Al quale autore solo è possibile attribuire, inoltre, una semantizzazione forte dell’ordine sintagmatico della collana e una fitta rete di collegamenti strutturanti quel corpus posti in atto sia in fieri sia al momento della sua ridefinizione come libro a sé stante e autonomo.
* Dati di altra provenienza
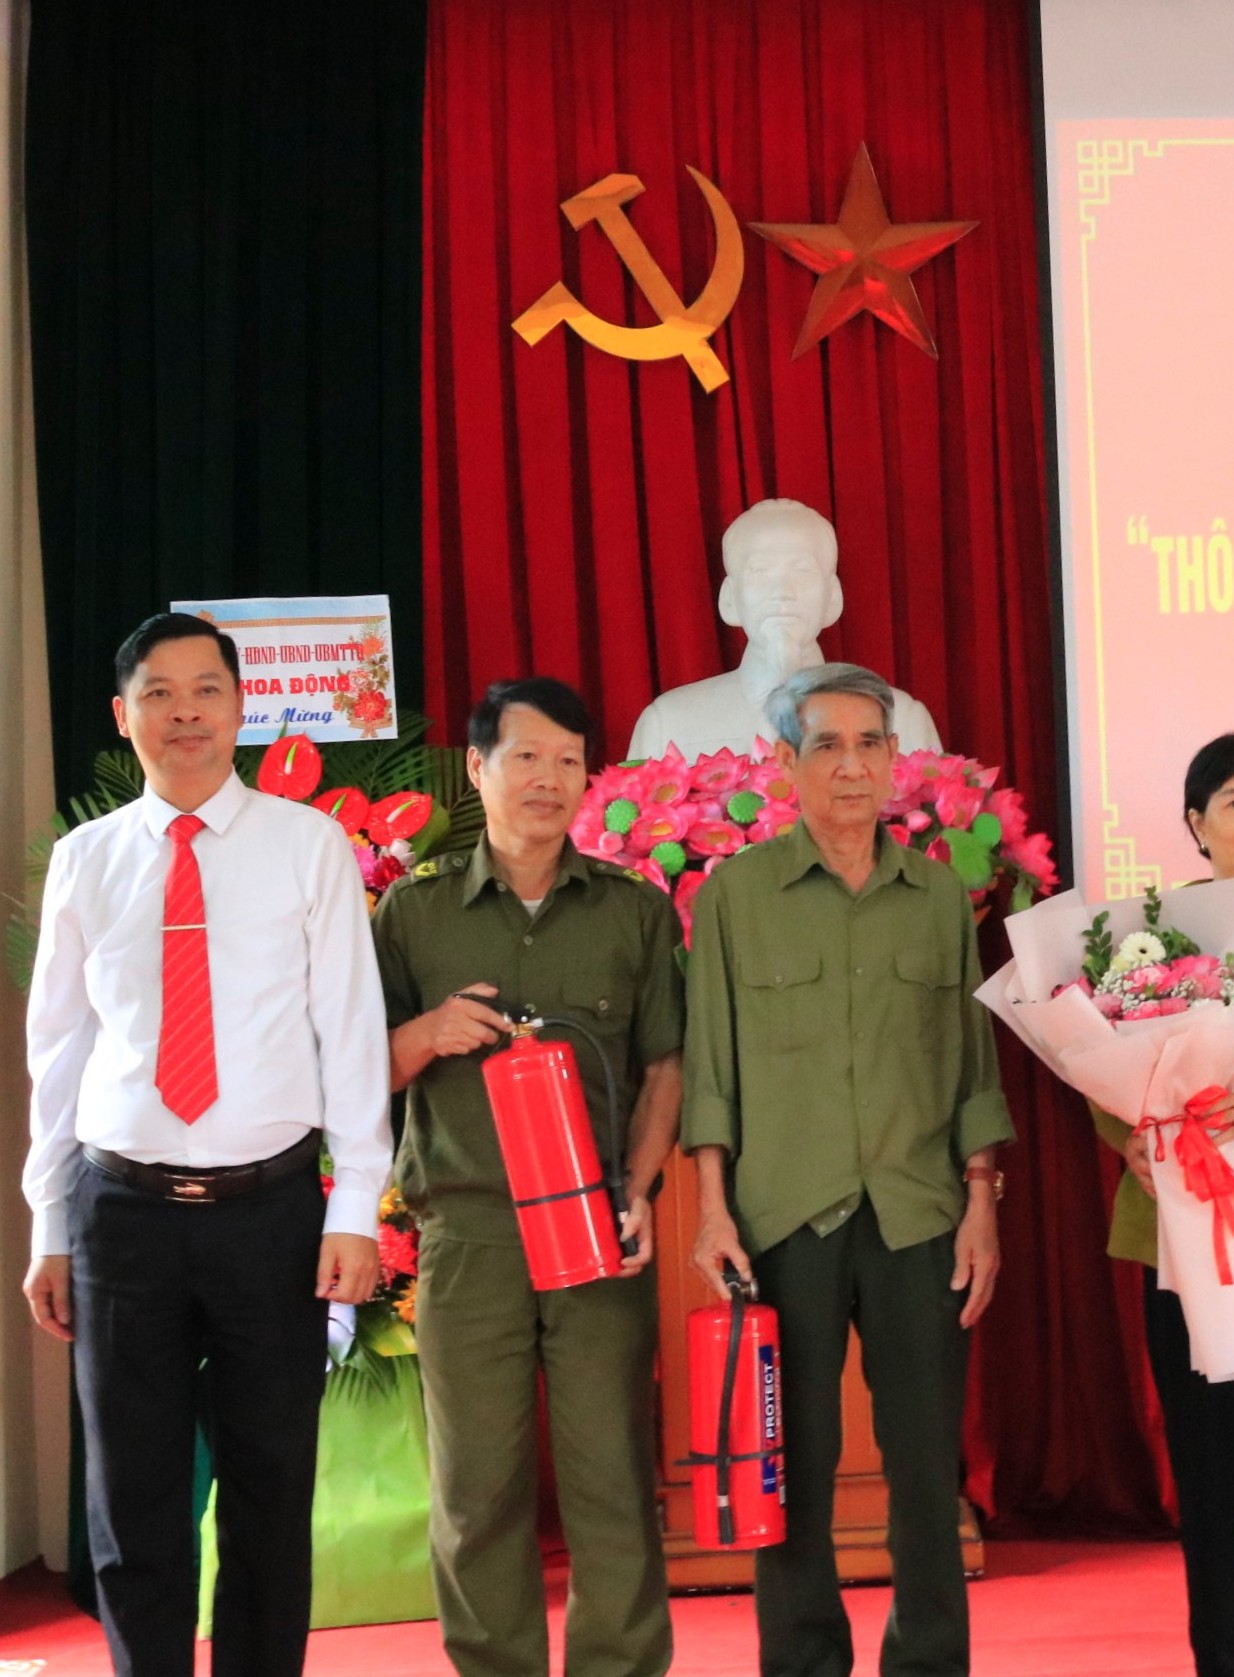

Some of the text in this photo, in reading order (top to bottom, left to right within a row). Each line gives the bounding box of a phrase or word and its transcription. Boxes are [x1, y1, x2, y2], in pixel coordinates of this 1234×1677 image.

[290, 674, 350, 696] ĐỘNG
[275, 707, 333, 724] Mừng
[764, 1363, 776, 1438] PROTECT
Che comunque implicano una ricaduta ulteriore di senso su questo eccezionale protocanzoniere, in senso petrarchesco, solidalmente condivisa dai suoi singoli ‘pezzi’. Ineludibile dunque, a mio avviso, la considerazione della (plus)valenza seriale e in catena di ogni singolo pezzo: che diviene di determinante importanza per la luce e del ‘pezzo’ e dell’intera serie nel suo aumento di senso là dove gli snodi diegetici, sintagmatici o semplicemente topici (Petrarca docet) sono sensibili.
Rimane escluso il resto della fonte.